[Annotated photo localization data]
-- Opening Marker --

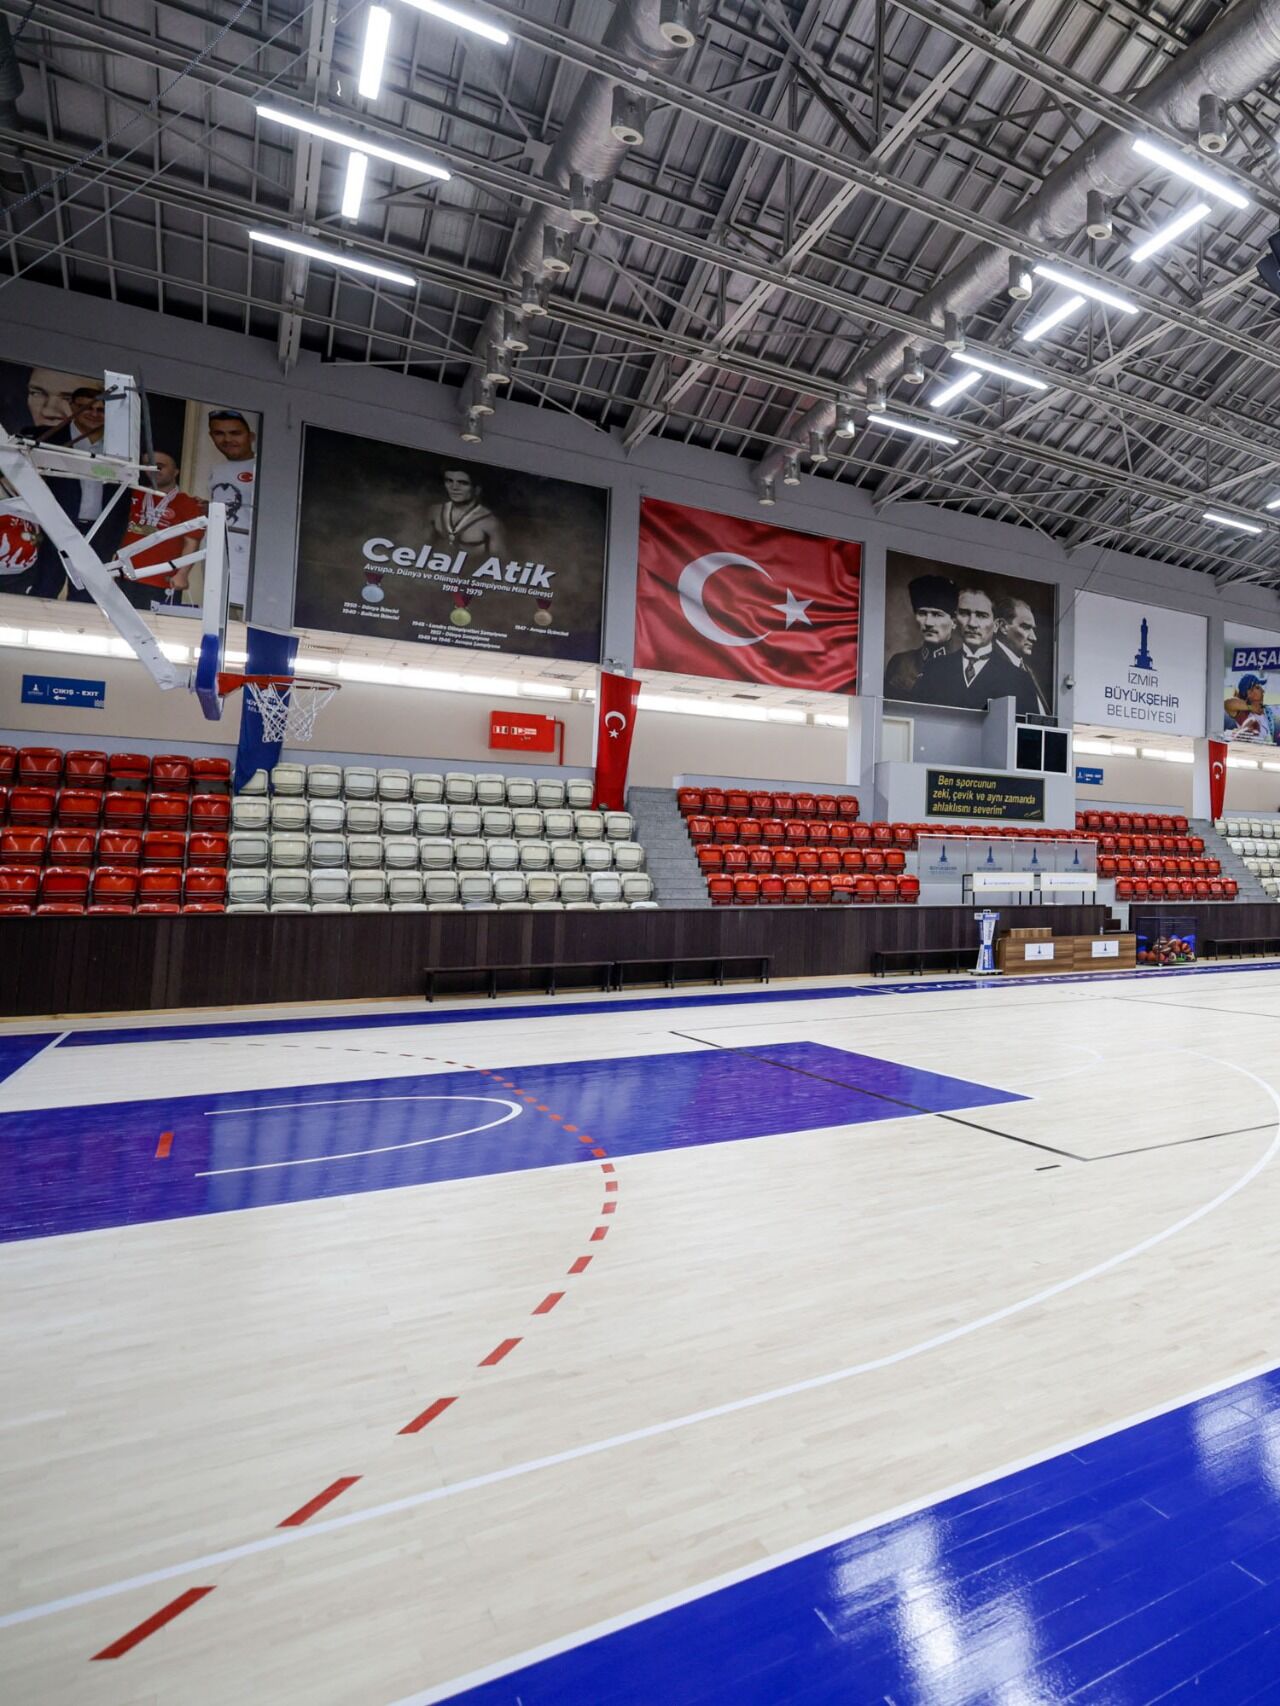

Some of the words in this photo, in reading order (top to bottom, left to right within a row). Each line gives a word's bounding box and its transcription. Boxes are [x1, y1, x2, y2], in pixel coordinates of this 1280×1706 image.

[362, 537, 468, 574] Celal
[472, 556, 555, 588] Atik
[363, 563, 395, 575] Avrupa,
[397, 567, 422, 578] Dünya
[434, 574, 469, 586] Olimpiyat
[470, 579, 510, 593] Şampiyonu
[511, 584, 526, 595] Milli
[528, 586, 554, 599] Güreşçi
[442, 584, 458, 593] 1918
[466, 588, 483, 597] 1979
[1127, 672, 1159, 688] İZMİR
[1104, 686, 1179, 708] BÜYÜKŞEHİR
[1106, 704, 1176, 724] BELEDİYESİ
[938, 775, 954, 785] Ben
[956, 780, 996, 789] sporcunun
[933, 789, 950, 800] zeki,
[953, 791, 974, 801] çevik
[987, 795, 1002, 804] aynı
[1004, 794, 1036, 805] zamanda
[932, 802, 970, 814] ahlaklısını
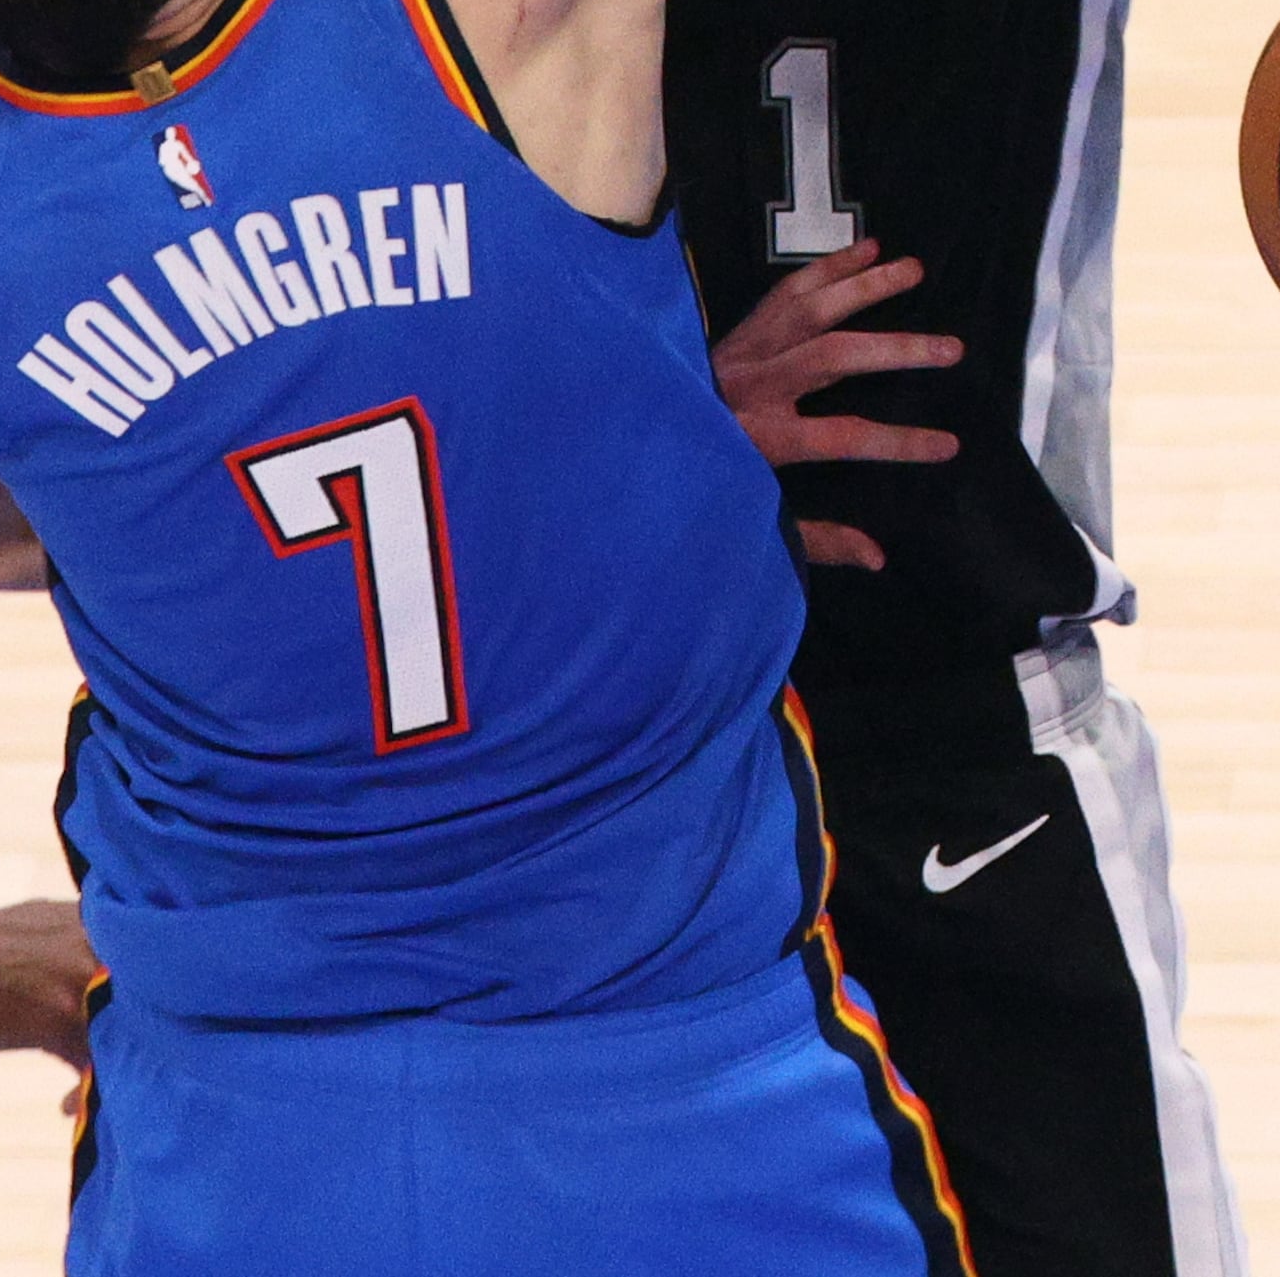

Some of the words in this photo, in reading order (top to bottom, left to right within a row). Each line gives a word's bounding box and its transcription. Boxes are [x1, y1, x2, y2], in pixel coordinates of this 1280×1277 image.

-- Closing Marker --

Work instructions ::
No picture is to appear in the copy; every entry above is otherwise to be printed verbatim.

Solution ::
Some of the words in this photo, in reading order (top to bottom, left to right within a row). Each line gives a word's bounding box and its transcription. Boxes are [x1, y1, x2, y2], in pixel coordinates of this 1280×1706 image.

[362, 537, 468, 574] Celal
[472, 556, 555, 588] Atik
[363, 563, 395, 575] Avrupa,
[397, 567, 422, 578] Dünya
[434, 574, 469, 586] Olimpiyat
[470, 579, 510, 593] Şampiyonu
[511, 584, 526, 595] Milli
[528, 586, 554, 599] Güreşçi
[442, 584, 458, 593] 1918
[466, 588, 483, 597] 1979
[1127, 672, 1159, 688] İZMİR
[1104, 686, 1179, 708] BÜYÜKŞEHİR
[1106, 704, 1176, 724] BELEDİYESİ
[938, 775, 954, 785] Ben
[956, 780, 996, 789] sporcunun
[933, 789, 950, 800] zeki,
[953, 791, 974, 801] çevik
[987, 795, 1002, 804] aynı
[1004, 794, 1036, 805] zamanda
[932, 802, 970, 814] ahlaklısını

Some of the words in this photo, in reading order (top to bottom, left to right within a row). Each line gives a word's bounding box and its transcription. Boxes are [x1, y1, x2, y2], in pixel coordinates of this 1280×1277 image.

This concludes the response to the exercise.